*Requirement*.
This exercise calls for the data below to be retyped exactly, minus any images.

*Information shown*.
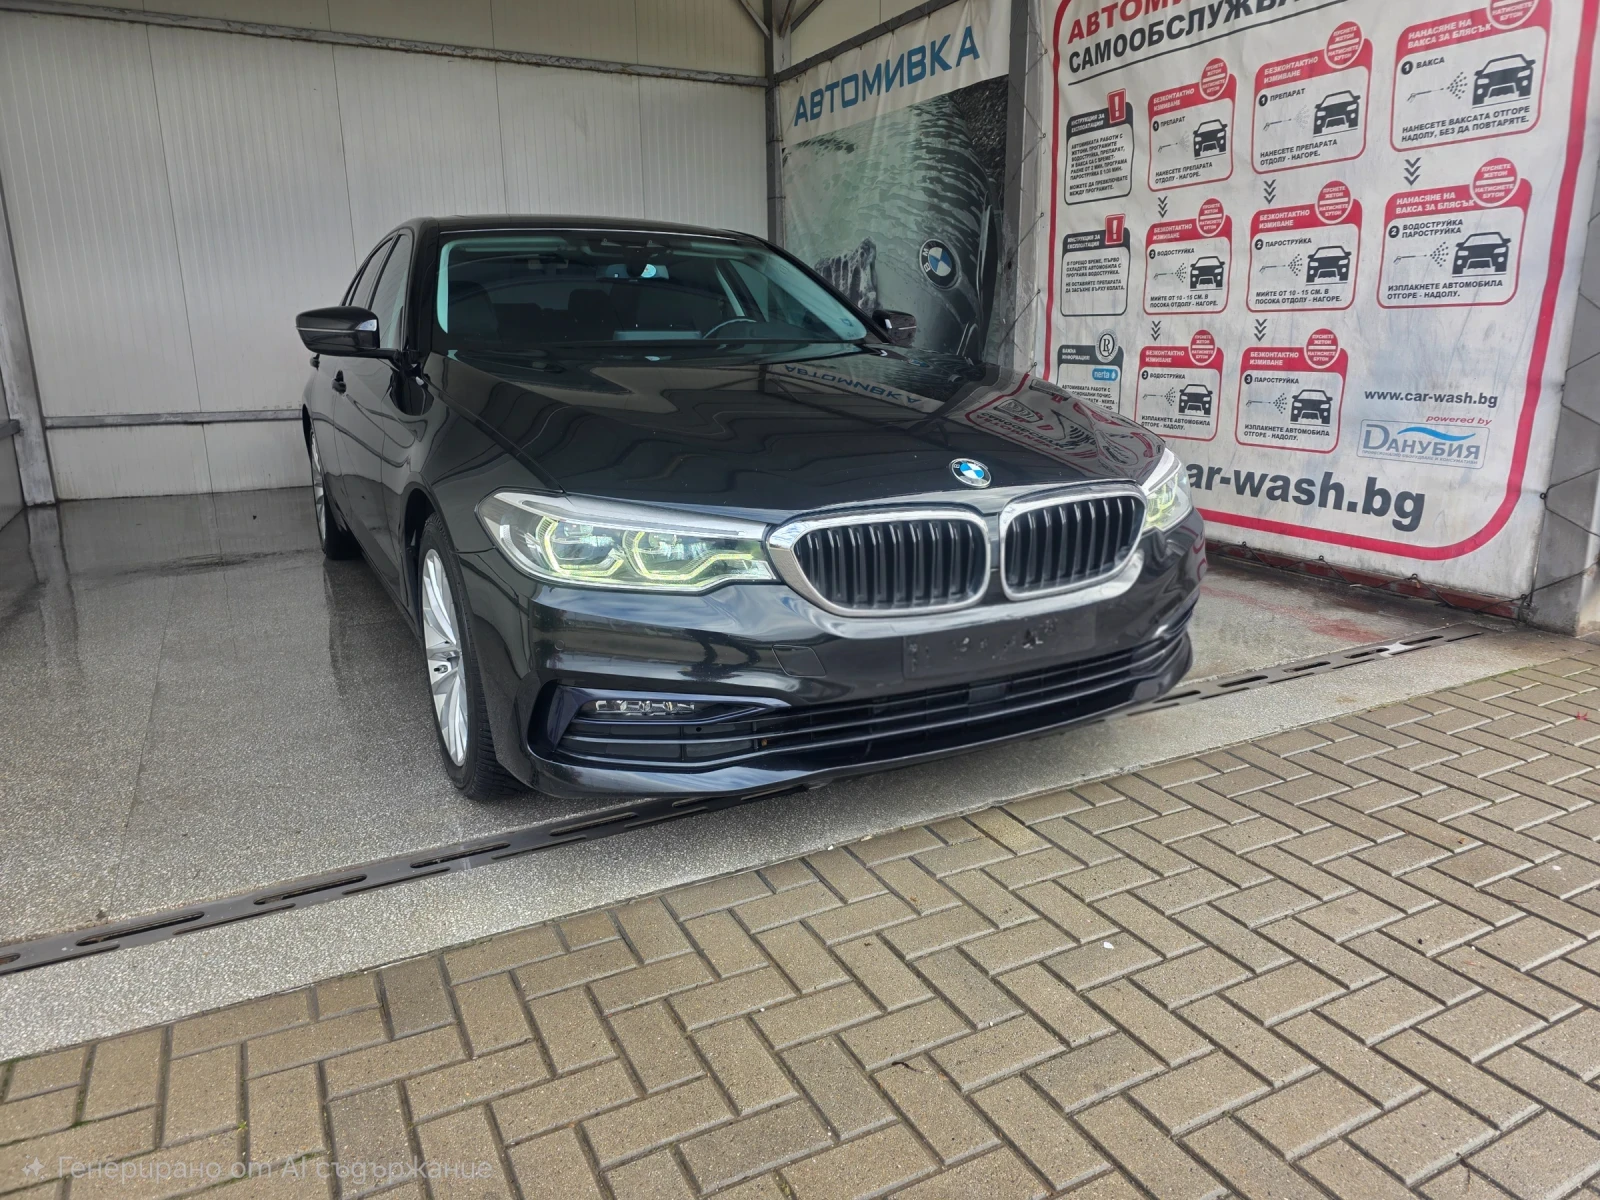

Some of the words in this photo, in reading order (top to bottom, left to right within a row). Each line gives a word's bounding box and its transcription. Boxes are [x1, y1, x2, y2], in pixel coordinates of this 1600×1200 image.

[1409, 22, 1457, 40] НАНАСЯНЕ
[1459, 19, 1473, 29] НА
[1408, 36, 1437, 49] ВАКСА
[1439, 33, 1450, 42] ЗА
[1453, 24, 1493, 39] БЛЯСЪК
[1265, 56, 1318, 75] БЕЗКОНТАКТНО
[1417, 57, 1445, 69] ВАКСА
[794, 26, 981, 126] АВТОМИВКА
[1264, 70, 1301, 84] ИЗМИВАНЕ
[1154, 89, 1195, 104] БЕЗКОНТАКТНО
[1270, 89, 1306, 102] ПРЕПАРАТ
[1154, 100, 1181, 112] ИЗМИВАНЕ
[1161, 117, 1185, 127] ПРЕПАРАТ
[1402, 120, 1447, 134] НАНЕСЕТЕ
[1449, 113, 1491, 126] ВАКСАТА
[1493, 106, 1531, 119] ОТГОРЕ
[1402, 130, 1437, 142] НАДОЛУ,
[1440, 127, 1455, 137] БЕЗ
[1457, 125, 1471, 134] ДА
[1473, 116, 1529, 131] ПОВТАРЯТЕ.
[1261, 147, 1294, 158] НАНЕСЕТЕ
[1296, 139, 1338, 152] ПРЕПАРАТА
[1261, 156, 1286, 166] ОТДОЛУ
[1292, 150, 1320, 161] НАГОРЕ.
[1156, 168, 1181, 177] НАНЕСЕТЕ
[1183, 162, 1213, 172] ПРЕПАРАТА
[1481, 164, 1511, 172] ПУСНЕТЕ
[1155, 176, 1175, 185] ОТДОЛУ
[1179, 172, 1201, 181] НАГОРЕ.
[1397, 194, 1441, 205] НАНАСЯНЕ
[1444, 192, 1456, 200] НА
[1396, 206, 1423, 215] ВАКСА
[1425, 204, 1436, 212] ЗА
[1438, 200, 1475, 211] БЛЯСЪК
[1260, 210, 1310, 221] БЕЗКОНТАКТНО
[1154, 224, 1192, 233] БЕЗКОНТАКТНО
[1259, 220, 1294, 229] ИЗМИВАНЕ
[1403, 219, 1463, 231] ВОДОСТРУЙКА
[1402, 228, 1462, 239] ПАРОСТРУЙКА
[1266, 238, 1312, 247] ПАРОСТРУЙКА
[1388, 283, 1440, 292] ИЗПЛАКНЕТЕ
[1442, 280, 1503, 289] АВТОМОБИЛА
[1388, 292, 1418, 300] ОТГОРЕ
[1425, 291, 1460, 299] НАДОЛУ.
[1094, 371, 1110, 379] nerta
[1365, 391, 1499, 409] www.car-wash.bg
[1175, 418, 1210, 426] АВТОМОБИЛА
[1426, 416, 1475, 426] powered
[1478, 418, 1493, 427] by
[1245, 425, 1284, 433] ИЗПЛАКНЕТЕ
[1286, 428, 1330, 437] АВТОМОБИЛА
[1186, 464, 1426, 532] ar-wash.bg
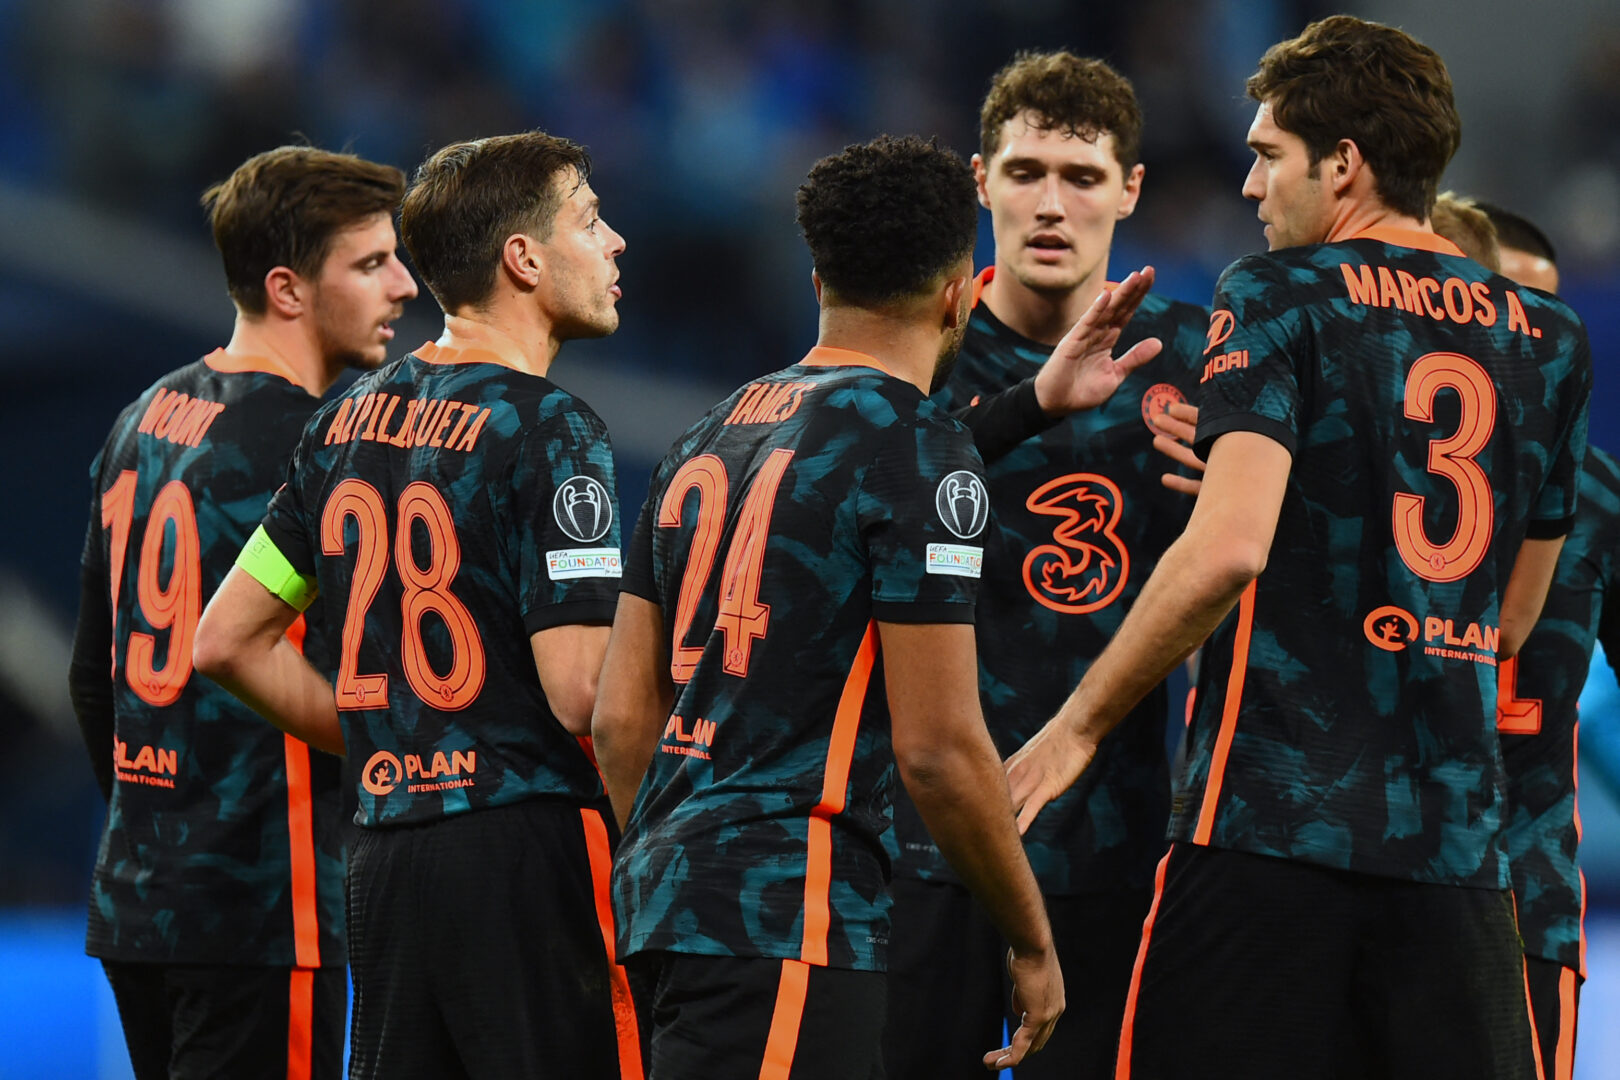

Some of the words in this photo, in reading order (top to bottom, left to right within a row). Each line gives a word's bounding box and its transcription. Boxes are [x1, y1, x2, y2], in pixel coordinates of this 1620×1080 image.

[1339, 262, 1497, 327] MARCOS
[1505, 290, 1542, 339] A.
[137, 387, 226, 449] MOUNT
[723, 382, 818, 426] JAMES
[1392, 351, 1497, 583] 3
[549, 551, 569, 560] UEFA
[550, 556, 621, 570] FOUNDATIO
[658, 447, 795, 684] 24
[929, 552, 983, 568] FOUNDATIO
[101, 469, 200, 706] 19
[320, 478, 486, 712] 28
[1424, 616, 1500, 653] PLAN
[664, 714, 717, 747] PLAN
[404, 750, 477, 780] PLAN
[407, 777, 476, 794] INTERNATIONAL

*Reply to the task*.
Some of the words in this photo, in reading order (top to bottom, left to right within a row). Each line gives a word's bounding box and its transcription. Boxes are [x1, y1, x2, y2], in pixel coordinates of this 1600×1200 image.

[1409, 22, 1457, 40] НАНАСЯНЕ
[1459, 19, 1473, 29] НА
[1408, 36, 1437, 49] ВАКСА
[1439, 33, 1450, 42] ЗА
[1453, 24, 1493, 39] БЛЯСЪК
[1265, 56, 1318, 75] БЕЗКОНТАКТНО
[1417, 57, 1445, 69] ВАКСА
[794, 26, 981, 126] АВТОМИВКА
[1264, 70, 1301, 84] ИЗМИВАНЕ
[1154, 89, 1195, 104] БЕЗКОНТАКТНО
[1270, 89, 1306, 102] ПРЕПАРАТ
[1154, 100, 1181, 112] ИЗМИВАНЕ
[1161, 117, 1185, 127] ПРЕПАРАТ
[1402, 120, 1447, 134] НАНЕСЕТЕ
[1449, 113, 1491, 126] ВАКСАТА
[1493, 106, 1531, 119] ОТГОРЕ
[1402, 130, 1437, 142] НАДОЛУ,
[1440, 127, 1455, 137] БЕЗ
[1457, 125, 1471, 134] ДА
[1473, 116, 1529, 131] ПОВТАРЯТЕ.
[1261, 147, 1294, 158] НАНЕСЕТЕ
[1296, 139, 1338, 152] ПРЕПАРАТА
[1261, 156, 1286, 166] ОТДОЛУ
[1292, 150, 1320, 161] НАГОРЕ.
[1156, 168, 1181, 177] НАНЕСЕТЕ
[1183, 162, 1213, 172] ПРЕПАРАТА
[1481, 164, 1511, 172] ПУСНЕТЕ
[1155, 176, 1175, 185] ОТДОЛУ
[1179, 172, 1201, 181] НАГОРЕ.
[1397, 194, 1441, 205] НАНАСЯНЕ
[1444, 192, 1456, 200] НА
[1396, 206, 1423, 215] ВАКСА
[1425, 204, 1436, 212] ЗА
[1438, 200, 1475, 211] БЛЯСЪК
[1260, 210, 1310, 221] БЕЗКОНТАКТНО
[1154, 224, 1192, 233] БЕЗКОНТАКТНО
[1259, 220, 1294, 229] ИЗМИВАНЕ
[1403, 219, 1463, 231] ВОДОСТРУЙКА
[1402, 228, 1462, 239] ПАРОСТРУЙКА
[1266, 238, 1312, 247] ПАРОСТРУЙКА
[1388, 283, 1440, 292] ИЗПЛАКНЕТЕ
[1442, 280, 1503, 289] АВТОМОБИЛА
[1388, 292, 1418, 300] ОТГОРЕ
[1425, 291, 1460, 299] НАДОЛУ.
[1094, 371, 1110, 379] nerta
[1365, 391, 1499, 409] www.car-wash.bg
[1175, 418, 1210, 426] АВТОМОБИЛА
[1426, 416, 1475, 426] powered
[1478, 418, 1493, 427] by
[1245, 425, 1284, 433] ИЗПЛАКНЕТЕ
[1286, 428, 1330, 437] АВТОМОБИЛА
[1186, 464, 1426, 532] ar-wash.bg

Some of the words in this photo, in reading order (top to bottom, left to right within a row). Each line gives a word's bounding box and its transcription. Boxes are [x1, y1, x2, y2], in pixel coordinates of this 1620×1080 image.

[1339, 262, 1497, 327] MARCOS
[1505, 290, 1542, 339] A.
[137, 387, 226, 449] MOUNT
[723, 382, 818, 426] JAMES
[1392, 351, 1497, 583] 3
[549, 551, 569, 560] UEFA
[550, 556, 621, 570] FOUNDATIO
[658, 447, 795, 684] 24
[929, 552, 983, 568] FOUNDATIO
[101, 469, 200, 706] 19
[320, 478, 486, 712] 28
[1424, 616, 1500, 653] PLAN
[664, 714, 717, 747] PLAN
[404, 750, 477, 780] PLAN
[407, 777, 476, 794] INTERNATIONAL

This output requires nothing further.